Language models (LM) can be evaluated in two broad ways:

Intrinsic evaluation Measures the language model on its training objective e.g. next-word prediction. Metrics like perplexity and cross-entropy assess how well the model predicts unseen data without reference to any specific application.

Extrinsic evaluation Evaluate the model on downstream task by using task-specific scoring functions e.g., BLEU for machine translation, ROUGE for summarization, or accuracy for question answering. These metrics capture how useful the model’s outputs are in practice.

Intrinsic Metrics

These metrics assess the model’s internal probability distribution without referencing any external task. They directly measure how well the model predicts the next token given the preceding context.

Log-Likelihood

Given a held-out text \(\mathbf{x} = (x_1, x_2, \ldots, x_n)\), the likelihood is the probability the LM assigns to the entire sequence. Since language models predict one token at a time, the total probability is the product of each conditional probability:

\[P(\mathbf{x}) = \prod_{i=1}^{n} P(x_i \mid x_1, \ldots, x_{i-1})\]

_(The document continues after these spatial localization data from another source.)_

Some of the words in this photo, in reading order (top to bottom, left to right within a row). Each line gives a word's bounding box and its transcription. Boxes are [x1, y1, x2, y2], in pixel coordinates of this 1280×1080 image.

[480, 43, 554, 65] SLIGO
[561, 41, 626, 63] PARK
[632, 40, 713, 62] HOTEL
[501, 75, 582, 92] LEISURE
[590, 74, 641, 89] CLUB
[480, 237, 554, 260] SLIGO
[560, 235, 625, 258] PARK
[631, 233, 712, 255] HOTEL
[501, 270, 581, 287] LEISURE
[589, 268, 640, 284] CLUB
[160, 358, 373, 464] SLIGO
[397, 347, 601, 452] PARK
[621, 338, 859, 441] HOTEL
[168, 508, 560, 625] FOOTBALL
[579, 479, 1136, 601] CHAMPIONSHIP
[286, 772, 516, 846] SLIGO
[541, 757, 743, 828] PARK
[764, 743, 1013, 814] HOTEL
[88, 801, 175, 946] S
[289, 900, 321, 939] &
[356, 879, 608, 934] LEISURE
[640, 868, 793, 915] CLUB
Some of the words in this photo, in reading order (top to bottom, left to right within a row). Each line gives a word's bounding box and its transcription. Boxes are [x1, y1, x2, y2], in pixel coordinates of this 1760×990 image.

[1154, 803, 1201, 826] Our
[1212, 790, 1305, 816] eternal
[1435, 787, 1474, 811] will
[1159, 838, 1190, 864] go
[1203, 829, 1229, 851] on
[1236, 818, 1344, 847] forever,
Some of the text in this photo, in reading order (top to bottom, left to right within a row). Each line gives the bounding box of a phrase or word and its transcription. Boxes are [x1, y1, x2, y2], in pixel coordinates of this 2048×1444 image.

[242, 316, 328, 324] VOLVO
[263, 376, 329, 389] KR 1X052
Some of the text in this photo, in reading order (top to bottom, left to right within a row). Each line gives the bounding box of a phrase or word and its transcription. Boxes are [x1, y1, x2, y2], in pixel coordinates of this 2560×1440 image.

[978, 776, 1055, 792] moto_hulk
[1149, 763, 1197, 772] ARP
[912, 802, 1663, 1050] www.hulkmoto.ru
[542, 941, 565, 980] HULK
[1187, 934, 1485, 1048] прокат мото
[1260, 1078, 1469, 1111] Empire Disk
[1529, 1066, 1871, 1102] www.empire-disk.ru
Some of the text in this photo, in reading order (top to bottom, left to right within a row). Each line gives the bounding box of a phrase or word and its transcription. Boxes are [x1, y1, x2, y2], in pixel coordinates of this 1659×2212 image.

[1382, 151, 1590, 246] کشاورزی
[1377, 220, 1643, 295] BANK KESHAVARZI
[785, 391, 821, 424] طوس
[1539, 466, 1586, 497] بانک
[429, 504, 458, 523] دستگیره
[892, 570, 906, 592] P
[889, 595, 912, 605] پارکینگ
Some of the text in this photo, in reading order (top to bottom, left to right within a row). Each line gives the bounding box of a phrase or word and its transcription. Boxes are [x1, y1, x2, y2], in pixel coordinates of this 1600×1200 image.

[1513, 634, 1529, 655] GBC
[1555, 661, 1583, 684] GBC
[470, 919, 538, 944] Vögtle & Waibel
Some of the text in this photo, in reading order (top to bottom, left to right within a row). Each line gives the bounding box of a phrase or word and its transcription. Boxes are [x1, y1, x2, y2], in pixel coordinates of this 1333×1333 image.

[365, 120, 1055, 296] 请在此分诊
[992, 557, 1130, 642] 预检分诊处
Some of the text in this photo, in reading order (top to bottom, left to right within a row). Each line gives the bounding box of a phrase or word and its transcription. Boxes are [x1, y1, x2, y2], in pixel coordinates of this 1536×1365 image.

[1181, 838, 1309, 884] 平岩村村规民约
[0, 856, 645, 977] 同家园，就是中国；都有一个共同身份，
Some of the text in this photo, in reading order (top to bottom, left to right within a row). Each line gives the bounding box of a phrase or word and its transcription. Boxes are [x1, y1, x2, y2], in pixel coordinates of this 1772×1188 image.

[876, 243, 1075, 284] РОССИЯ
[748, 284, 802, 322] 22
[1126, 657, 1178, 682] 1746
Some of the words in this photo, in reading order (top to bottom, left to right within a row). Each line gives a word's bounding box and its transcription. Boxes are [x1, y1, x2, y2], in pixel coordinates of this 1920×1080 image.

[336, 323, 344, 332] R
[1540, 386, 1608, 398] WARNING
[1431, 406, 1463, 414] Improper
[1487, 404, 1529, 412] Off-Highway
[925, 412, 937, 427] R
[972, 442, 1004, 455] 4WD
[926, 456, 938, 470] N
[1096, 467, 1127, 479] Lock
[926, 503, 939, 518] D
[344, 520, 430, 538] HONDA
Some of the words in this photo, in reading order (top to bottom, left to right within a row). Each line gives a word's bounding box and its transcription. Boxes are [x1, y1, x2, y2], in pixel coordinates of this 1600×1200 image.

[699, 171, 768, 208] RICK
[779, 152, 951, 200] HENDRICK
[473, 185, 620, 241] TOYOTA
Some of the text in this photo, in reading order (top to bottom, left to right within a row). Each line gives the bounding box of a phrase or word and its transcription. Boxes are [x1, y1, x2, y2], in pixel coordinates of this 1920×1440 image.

However, multiplying many small probabilities causes numerical underflow (numbers become too small for computers to represent accurately). Taking the logarithm solves this, it turns the product into a sum and works with larger, more manageable numbers:

\[\mathcal{L}(\mathbf{x}) = \log P(\mathbf{x}) = \sum_{i=1}^{n} \log P(x_i \mid x_1, \ldots, x_{i-1})\]
  • A higher log-likelihood means the model assigns a higher probability to the text, the text is more “natural” according to the model.
  • A lower (more negative) log-likelihood means the model finds the text surprising.

Cross-Entropy

Cross-entropy measures how many bits of information are needed to encode the true text using the model’s predicted probabilities. It is simply the negative log-likelihood averaged per token:

\[H(\mathbf{x}) = -\frac{1}{n} \sum_{i=1}^{n} \log_2 P(x_i \mid x_1, \ldots, x_{i-1})\]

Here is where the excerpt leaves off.